The University Professors Program is important in both its structure and culture within Boston University. Structurally, UNI provides the means by which selected students can receive a proper humanities-based education through a series of core courses as well as close interaction with top faculty who not only teach classes but also provide guidance to the student in the courses he takes, fields he focuses on and subjects he writes and thinks about.
And it is this structure which lends itself to what I am going to call the “UNI special expectation.” There is an expectation in UNI that you do not find elsewhere, even at so-called “elite” institutions, an expectation that the student is there to do more than take classes and choose a program of study which logically reflects his interests, eventually culminating in some form of reasonable meaning. More than that, a UNI student is expected to synthesize his classes and the content of each in his mind, relate one to the others and make sense into a cohesive whole the many parts of his education. Contemplate not just what all the great authors or philosophers thought, but what he thinks about them and where the next step in the progression of thinking goes. And beyond that, it’s where you’re expected to add something yourself to whatever field you’re studying. Add a translation, add a poem. Add a new interpretation of the dialectical imperative, or apply it to sub-prime mortgage lending.

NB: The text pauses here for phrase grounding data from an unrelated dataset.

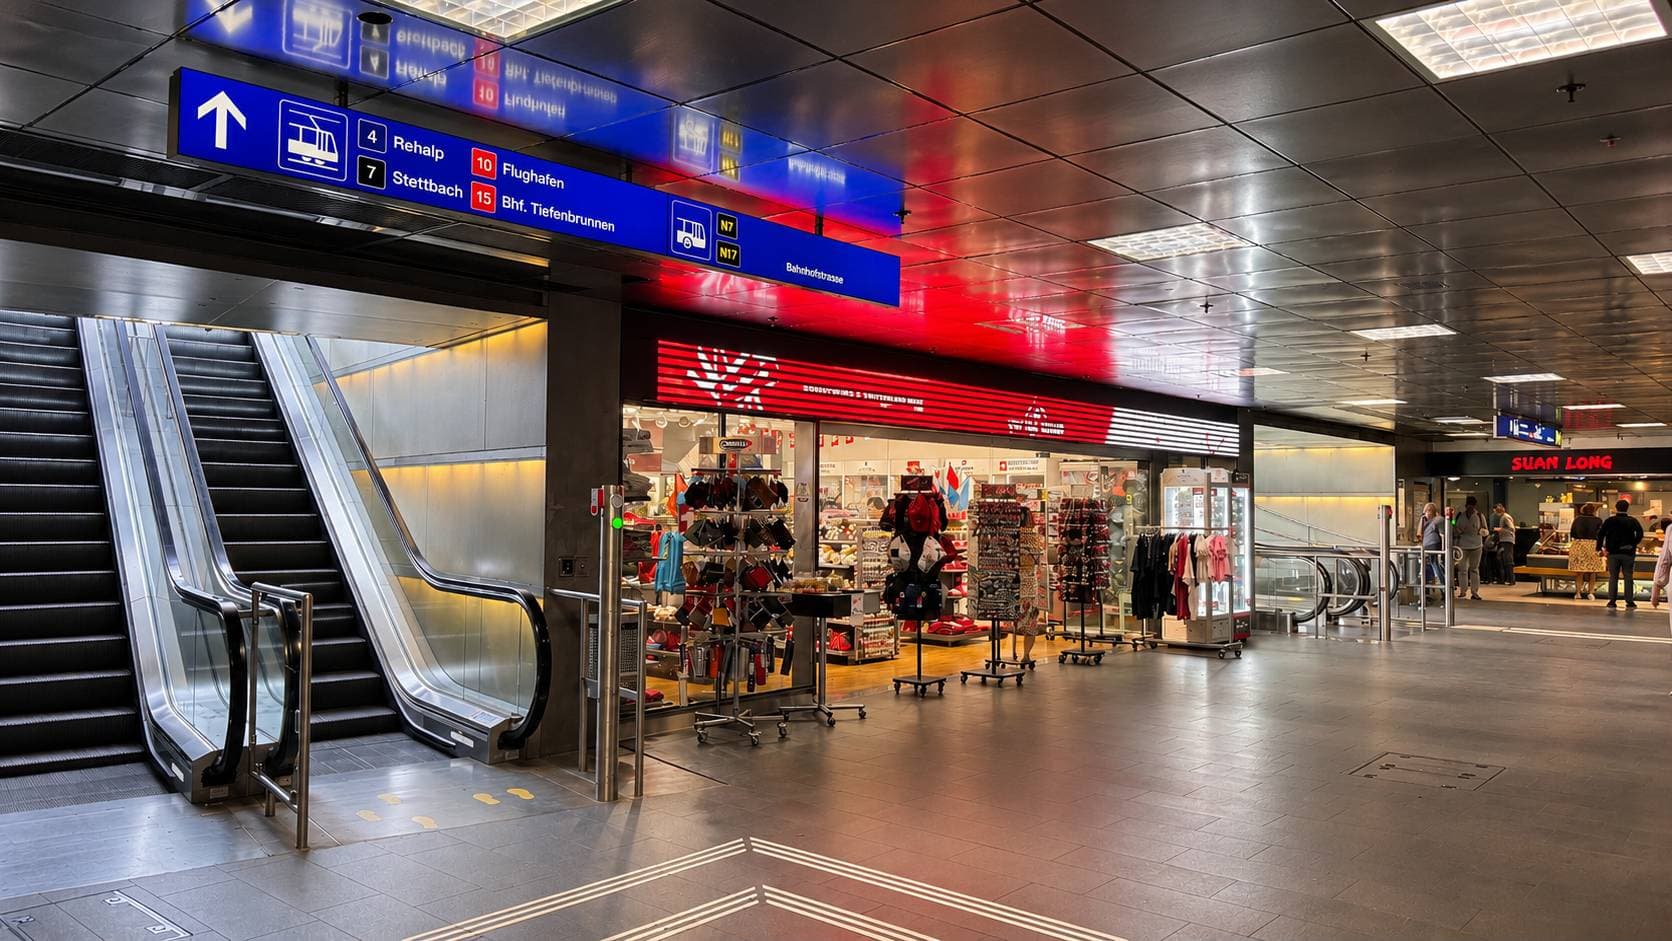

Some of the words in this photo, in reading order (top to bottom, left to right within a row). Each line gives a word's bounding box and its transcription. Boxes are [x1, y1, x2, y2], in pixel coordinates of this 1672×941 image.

[367, 130, 377, 144] 4
[393, 135, 444, 162] Rehalp
[366, 164, 376, 179] 7
[392, 170, 463, 198] Stettbach
[477, 157, 492, 172] 10
[503, 162, 565, 190] Flughafen
[477, 191, 492, 205] 15
[502, 195, 527, 213] Bhf.
[530, 201, 615, 232] Tiefenbrunnen
[720, 220, 734, 232] N7
[720, 247, 738, 261] N17
[786, 262, 844, 284] Bahnhofstrasse
[1511, 455, 1559, 471] SUAN
[1565, 455, 1613, 471] LONG

At UNI there’s that added expectation that you will be the next contributor to the field you are studying, and even if this doesn’t end up happening, it’s that expectation that makes UNI structurally important. If you remove this structure, you remove BU’s most promising incubator for humanities-centered innovation, as well as its most exceptional promise to provide students with the tools to innovate beyond the humanities.

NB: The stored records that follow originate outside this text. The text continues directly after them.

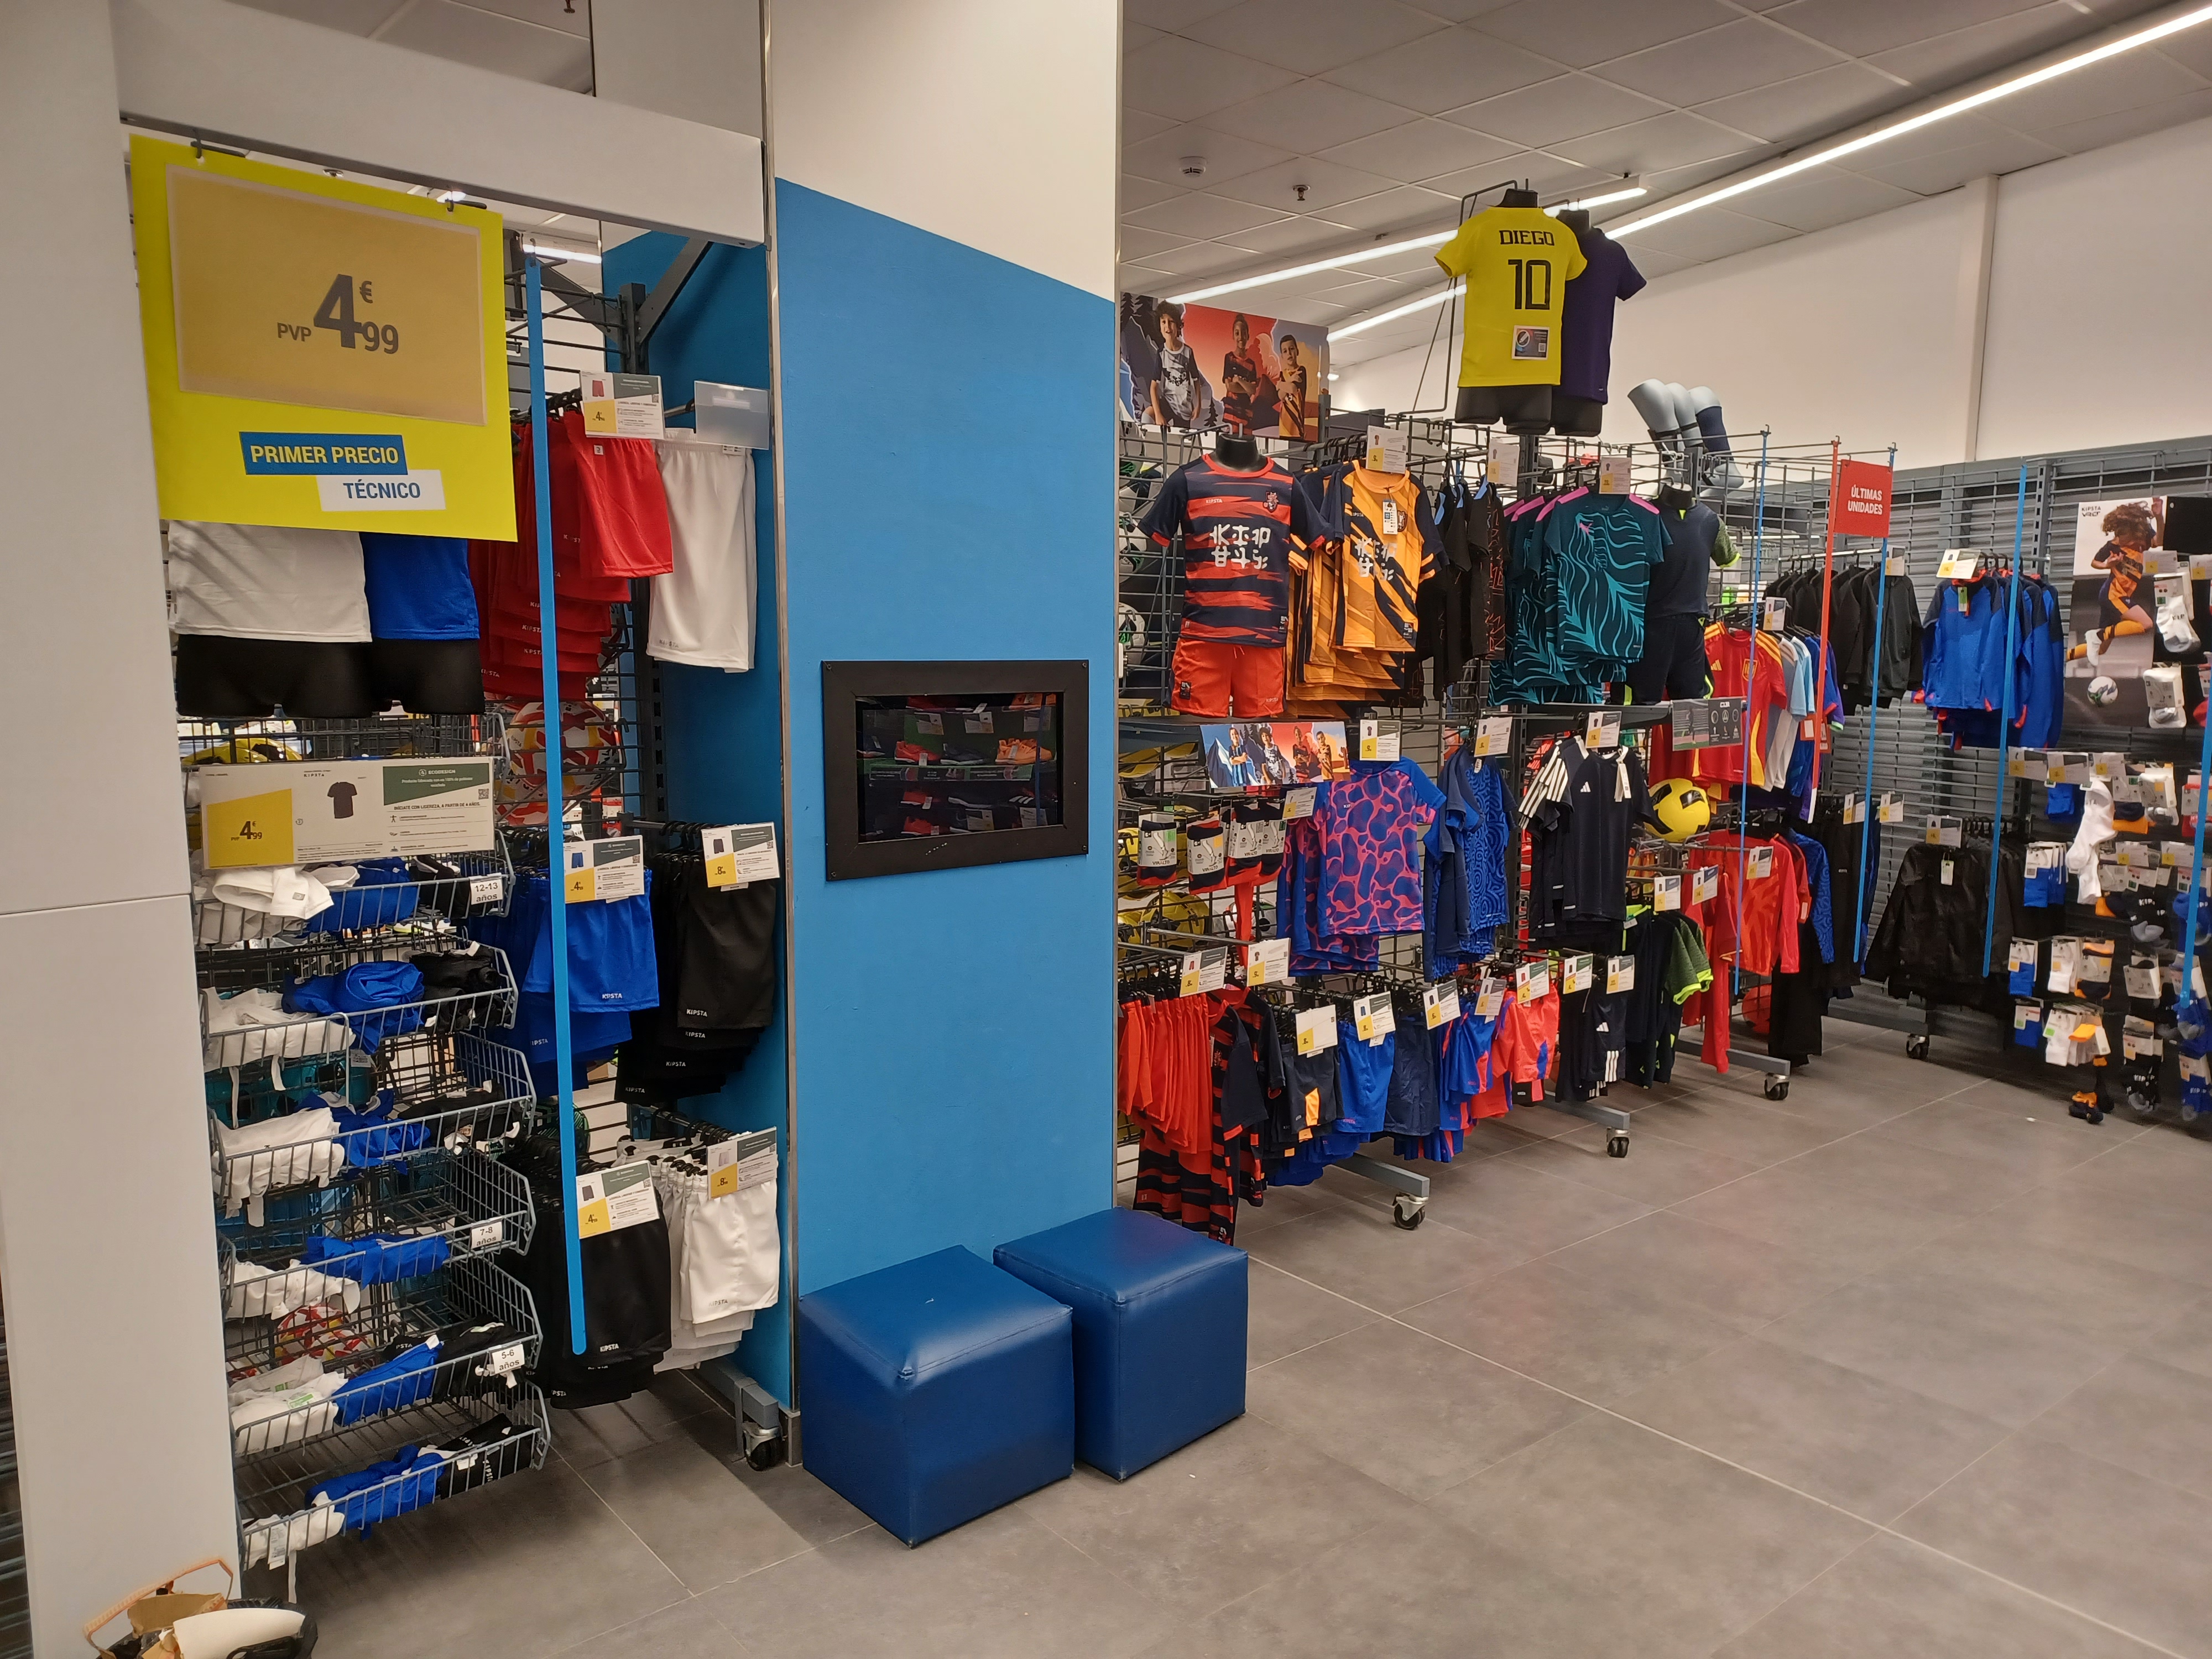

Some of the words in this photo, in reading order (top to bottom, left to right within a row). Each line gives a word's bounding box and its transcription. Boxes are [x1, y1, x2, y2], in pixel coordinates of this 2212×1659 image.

[1499, 230, 1554, 246] DIEGO
[1507, 259, 1552, 310] 10
[277, 323, 311, 342] PVP
[251, 445, 327, 464] PRIMER
[331, 446, 399, 464] PRECIO
[343, 479, 420, 499] TÉCNICO
[1851, 484, 1882, 501] ÚLTIMAS
[1848, 500, 1882, 515] UNIDADES
[474, 883, 498, 893] 12-13
[476, 894, 497, 902] años
[686, 1008, 707, 1017] KIPSTA
[685, 1030, 705, 1039] KIPSTA
[480, 1227, 493, 1235] 7-8
[477, 1237, 497, 1246] años
[599, 1343, 619, 1352] KIPSTA
[502, 1350, 514, 1359] 5-6
[499, 1360, 519, 1371] años

UNI is also important culturally. It is a small school in a large, impersonal university. Simply as a function of its size, it lends some badly needed academic elitism (if that word can be used in a positive light) to the university. Historically, it has been used as a means to attract renowned faculty who might otherwise not be inclined to come to BU, and I see no reason why UNI has outlived its usefulness in this regard. Not only do you have the attraction of being part of a specialized school within the university, but potential professors also like the fact that UNI tends to attract more ambitious, rigorous students, which is probably why it frequently gets confused with an honors program. But honors program or not, UNI students are a draw for most professors, particularly for those who only teach reluctantly.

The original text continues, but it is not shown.